I recently returned from Professor Roger Greenhalgh’s excellent Charing Cross meeting in London. A plethora of exciting new developments was presented to almost 4,000 attendees from all over the world. As impressive as these presentations may have been, I became acutely aware that most of what was presented consisted of short-term data. Perhaps I am dating myself, but before the advent of endovascular technology, one could hardly get a presentation accepted at a major meeting without long-term, preferably 5-year-data.
Dr. D. Emerick Szilagyi, a pioneer of vascular surgery and former editor of the Journal of Vascular Surgery, having experienced the early failure of homografts, was renowned for stating that a new treatment required a 5-year track record before it could be deemed beneficial. Perhaps 5 years was chosen because that was an average life span for patients undergoing what was then major vascular surgery. Or was it because we knew that, at least in the short term, most vascular procedures worked but needed multiple revisions. Who would have anticipated that after aortic endografts were first inserted, we would soon be dealing with a new “condition,” which we now refer to as an endoleak?
Regardless, at recent symposia and in our journals, we seem to receive predominately premature information.
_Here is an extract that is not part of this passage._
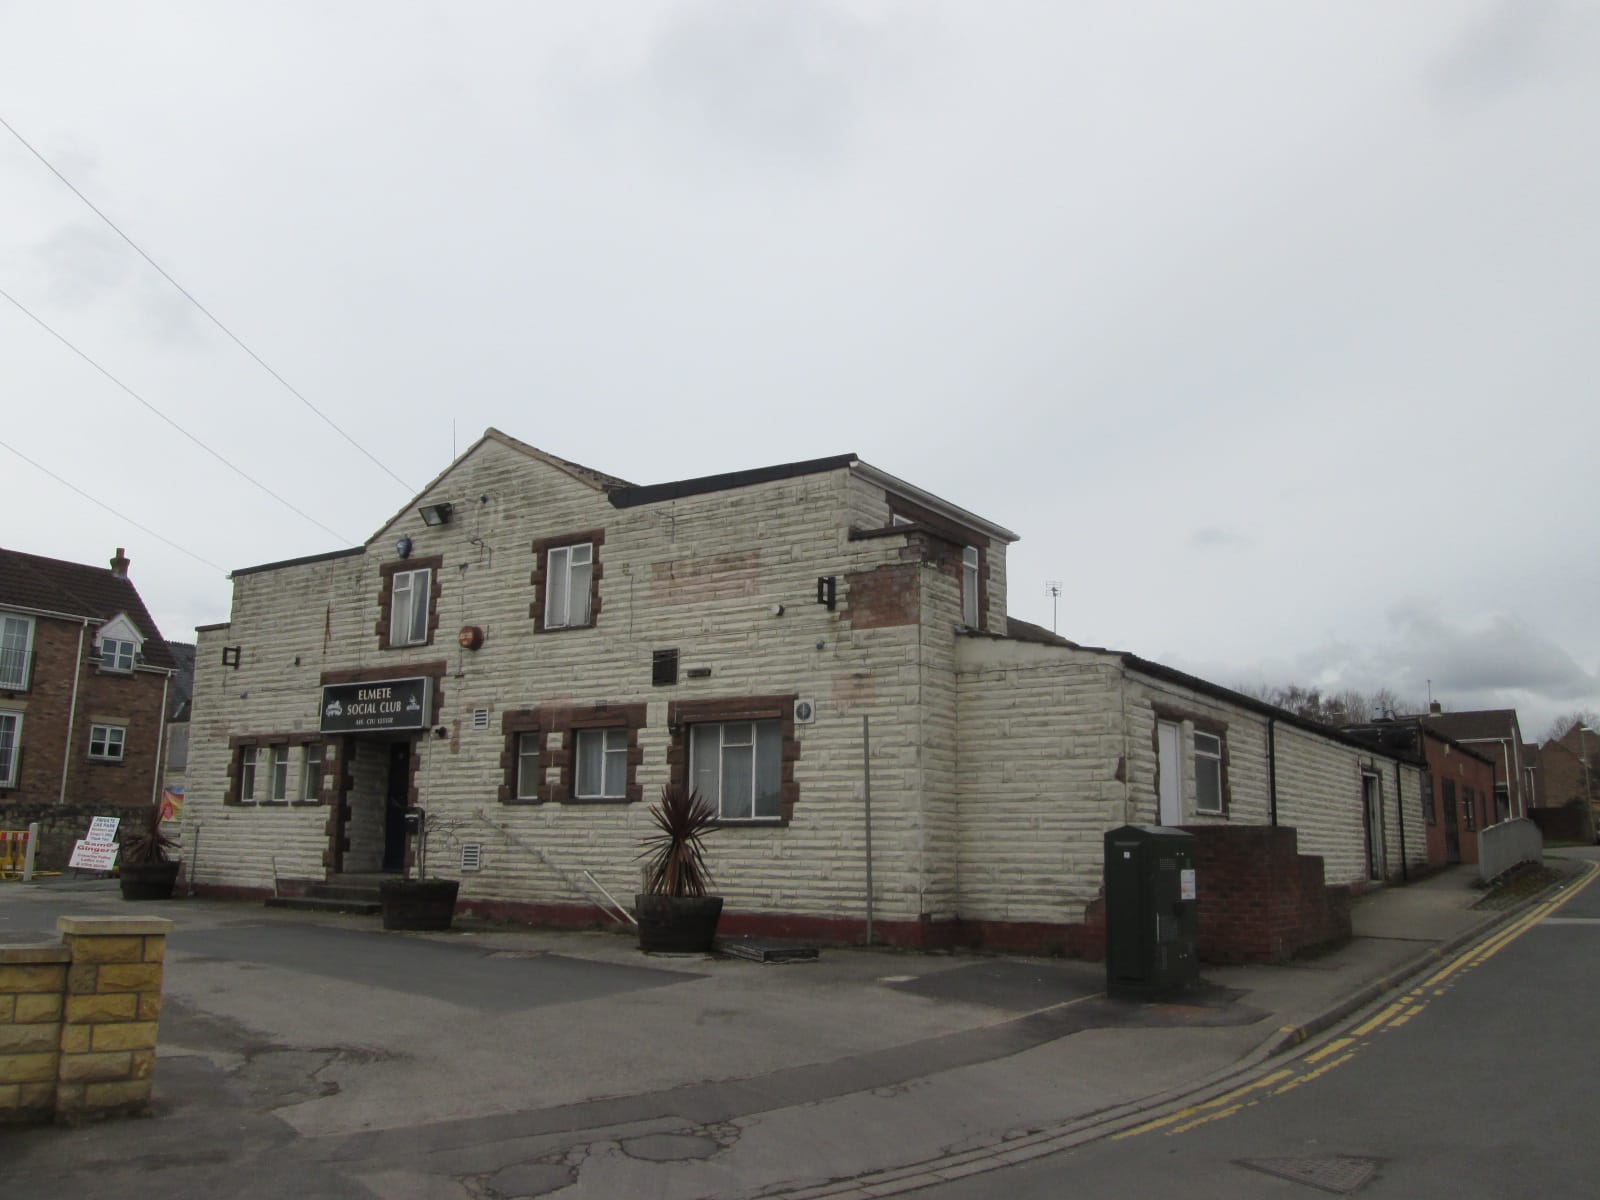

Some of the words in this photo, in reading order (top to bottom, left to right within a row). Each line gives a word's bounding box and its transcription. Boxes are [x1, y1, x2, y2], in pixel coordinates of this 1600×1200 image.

[358, 688, 392, 700] ELMETE
[347, 702, 377, 716] SOCIAL
[380, 701, 402, 714] CLUB
It is now commonplace to be presented with 1-year outcomes but more often with 90-, 30-, or even 7-day results. An even shorter interval is described in reports detailing “technical success.”
It is as if we have won a victory of sorts when we do something that actually works until the end of the procedure! It appears that the announcement of every new product or treatment is accompanied by a proclamation of a new “breakthrough,” a “paradigm shift,” or a new major addition to our armamentarium. I wonder if we have succumbed to an embarrassing new malady that I will euphemistically describe as “premature congratulation.”
I find these reports particularly common in cardiology and interventional radiology journals. They are also appearing with increasing frequency in our vascular literature and at scientific meetings. In fact, my own presentation at this year?s Charing Cross meeting was only a 4-year comparison of heparin bonded ePTFE vs. standard ePTFE. Perhaps even this could be considered to be too short a follow-up. Furthermore, can we forget how our popular press touted the advent of carotid stents when the original SAPPHIRE paper was presented? Using premature data, the newspaper USA Today announced the demise of carotid endarterectomy. Another example is how ezetimibe became a best-selling drug to treat hypercholesterolemia, and it still has yet to show any clinical benefit (JAMA 2014;311:11279 [doi:10.1001/jama.2014.2896]).
Admittedly, it may be important for new technologies or methods to be announced before they have been proven to be helpful, since these new “advances” may inspire more fruitful modifications to established procedures. On occasion, they may also uncover new avenues of investigation which may lead to new inventions or techniques. The question remains: how should we as vascular physicians respond to short-term data? Should we embrace new devices before they have stood the test of time? Or should we avoid their use, perhaps preventing a patient from receiving a life- or limb-saving procedure simply because we are unsure of its longevity or unforeseeable complication?
This is a quandary that our meeting organizers and journal editors must also face. Should they reject new material until it has been proven to have lasting benefit? I believe that the answer is no, but would interject a cautionary note in the general adoption of new methods until more definitive data are available. I have had personal experience with premature adoption of new technology when I was guilty of publishing excellent 1-year data with a balloon system only to later publish disappointing 2-year results. Of course, there is a benefit to having to retract earlier reports — you become the author of two peer-reviewed manuscripts. Sarcasm aside, we do need to be kept informed about all new developments in our field. But it may be beneficial for proponents and experts to emphasize the true potential as well as possible drawbacks and complications of the new methods. It is also our responsibility to maintain an open mind.
While we can be cautiously optimistic, it is inadvisable to rush headlong into performing every new modality. Early adopters should be reminded that there is little to celebrate when a procedure?s benefits are brief. To avoid “premature congratulation,” follow the slow and steady mantra that has served us well in other areas of life.